After the Supreme Court overturned a century-old state law that required gun owners to provide proof of their need to carry firearms for self-defense, Elmont community advocates expressed concerns about safety despite the virtually nonexistent gun violence locally. They pointed to the potential breakdown of trust among residents because of uncertainty about the presence of weapons.
“It makes you change your whole thought pattern,” said Claudine Hall, president of the Jamaica Square Civic Association and Improvement League, adding that she believed that overturning the law would make even communities unaffected by gun violence, like Elmont, less secure.
“I don’t want to walk around the world nervous or scared — and not only in Elmont, but anywhere,” Hall said. The ruling, she explained, would make her more concerned about doing things like honking her horn or standing up for herself in public, for fear that someone might be carrying a concealed weapon. “Bullets don’t have names on them,” she said, reasoning that innocent bystanders, namely the elderly and children, face an increased risk of gun violence as a result of the court’s action.
Hall stressed that Elmont — where there have been only three reported shootings since 2014, according to the Trace, a website that tracks gun violence in the U.S. — is not prone to gun crimes. The number of shots fired in Elmont has consistently been zero, she said, every month since 2017.
Despite that, a program called Shot Spotter, which helps police find the source of gunfire by triangulating its sound with sensors mounted on utility poles, was rolled out in Elmont by the Nassau County Police Department in March 2017. Hall and many residents have voiced opposition to the program since then, and consider it unhelpful in the larger effort against gun violence in Nassau County.
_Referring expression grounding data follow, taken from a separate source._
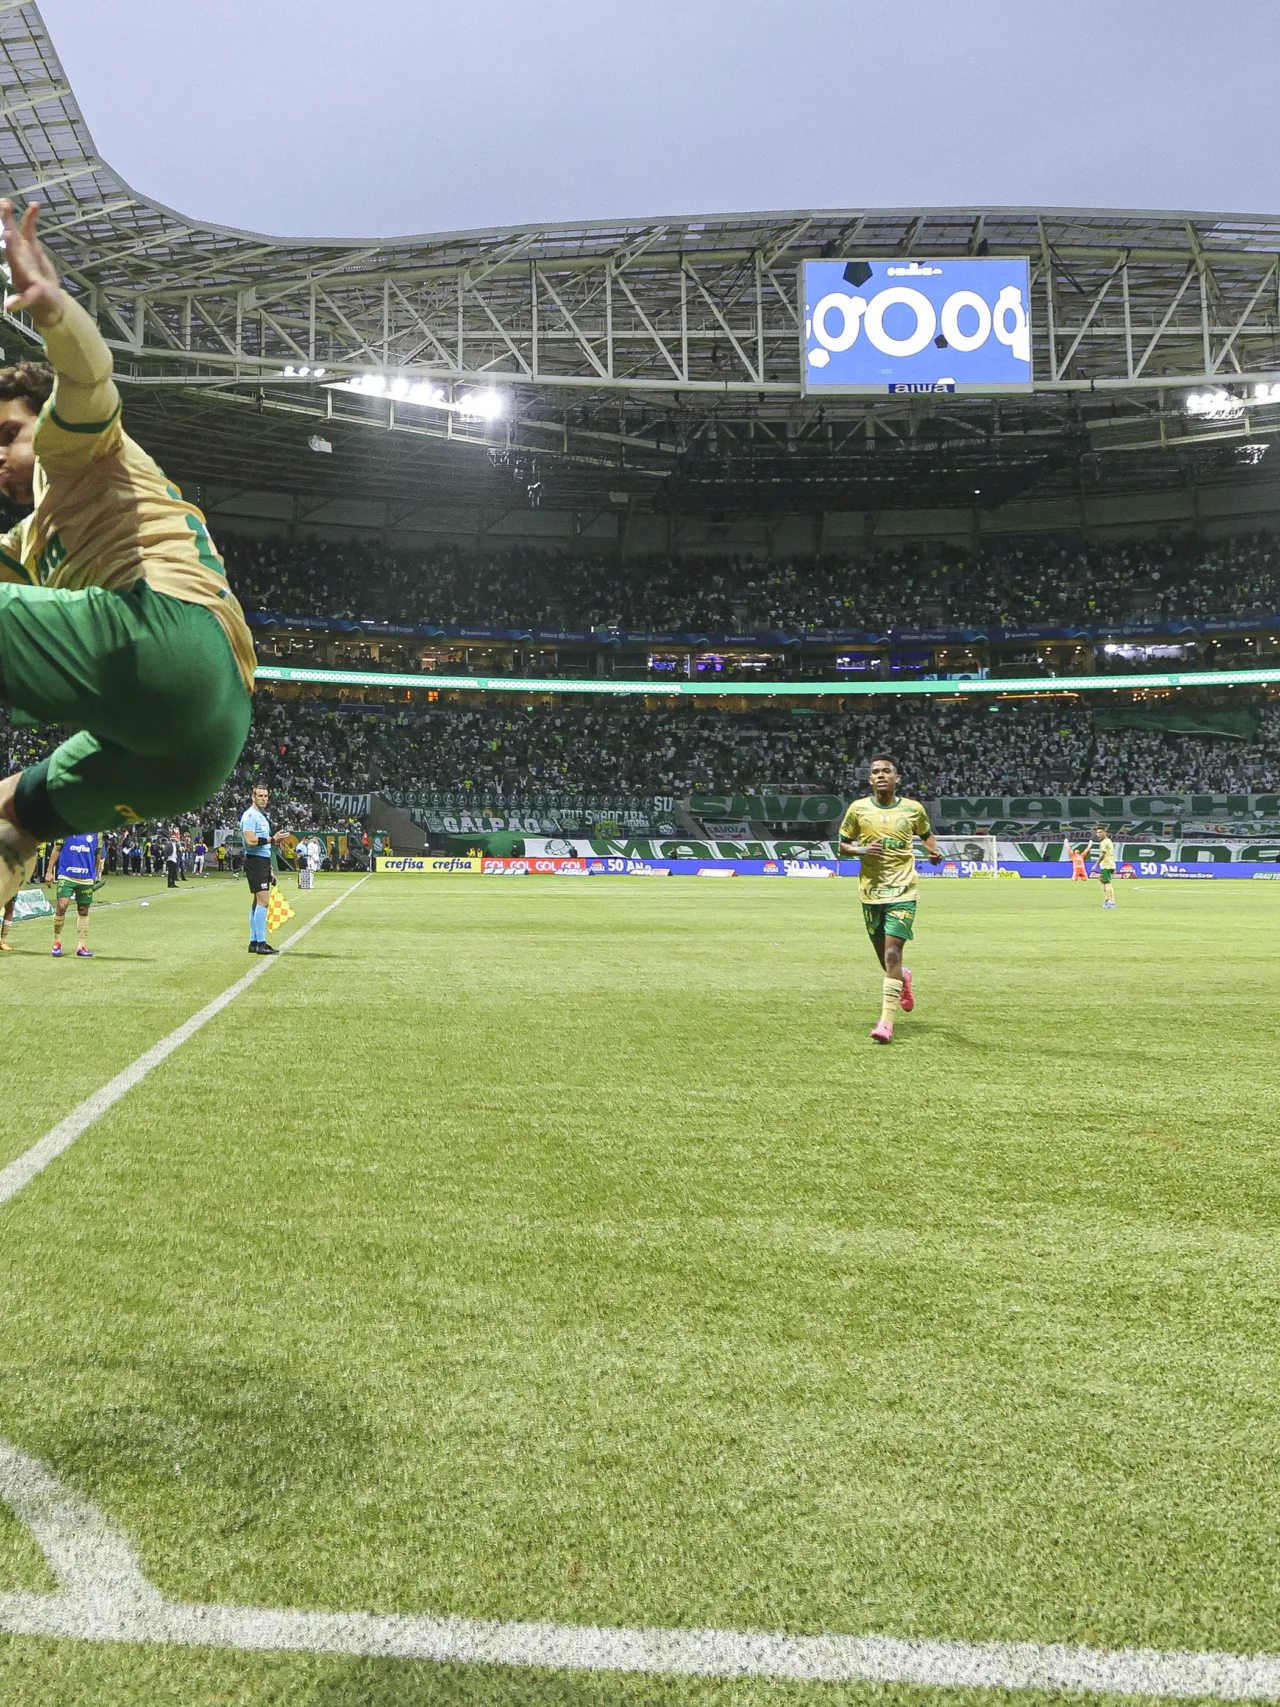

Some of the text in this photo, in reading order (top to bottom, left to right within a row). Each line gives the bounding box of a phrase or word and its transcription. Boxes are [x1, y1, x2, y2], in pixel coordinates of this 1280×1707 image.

[384, 857, 472, 871] crefisa crefisa
[535, 861, 557, 871] GOL
[607, 859, 624, 872] 50
[1140, 862, 1157, 875] 50
[971, 870, 1014, 878] quartolit
“I don’t want Shot Spotter in my community, first because it downgrades the community and second because there’s no need for it …,” Hall said. “Put it in a community where there’s a high volume of shots fired.” She said she believed the technology’s mere presence dissuades businesses from opening in Elmont, and lowers homes’ property value.
The technology, Hall continued, was rolled out in mainly majority-minority communities in Nassau County, including Roosevelt, Uniondale, Hempstead and Elmont. “We’re a minority community, but we’re not a gun-violent community,” she said, rejecting the notion that communities of color have higher rates of gun violence.
State Assemblywoman Michaelle Solages said that gun violence is a particularly pressing concern for communities of color in the form of hate crimes, especially following the mass shooting at a Buffalo supermarket carried out by a white man in a predominantly Black community.
Gun violence is a concern in areas near Elmont, Solages said, pointing to the shooting at a Stop & Shop in West Hempstead last year as an example.
Community advocate Mimi Pierre-Johnson also said that the Supreme Court ruling would reduce trust among residents. She said she knew a few residents who own guns, and contended that the ruling would makes the community less safe because it would be harder to know who is carrying.
“It divides more and more of our citizens,” Pierre-Johnson said. “We now have an extra layer of not trusting each other … We’re going further and further away in trying to unite people rather than trying to come together to fix our communities.”
Solages said the ruling was dangerous and ill-advised. She and other members of the State Legislature were expected to vote soon on a measure to prohibit carrying firearms in public settings such as colleges, hospitals, libraries, public transportation and other “sensitive areas,” and to allow business owners to decide whether patrons can carry concealed weapons inside their business.
“Loosening the requirements for conceal carry is just a dangerous situation,” Solages said. “We need to ensure that people are using this right in a safe way.”
All three women noted measures they said would curb gun violence, including increased mental health resources, and more intensive background checks and requirements for training to own a firearm.
“No matter your political affiliation,” Solages said, “we all want to make sure our communities are safe.”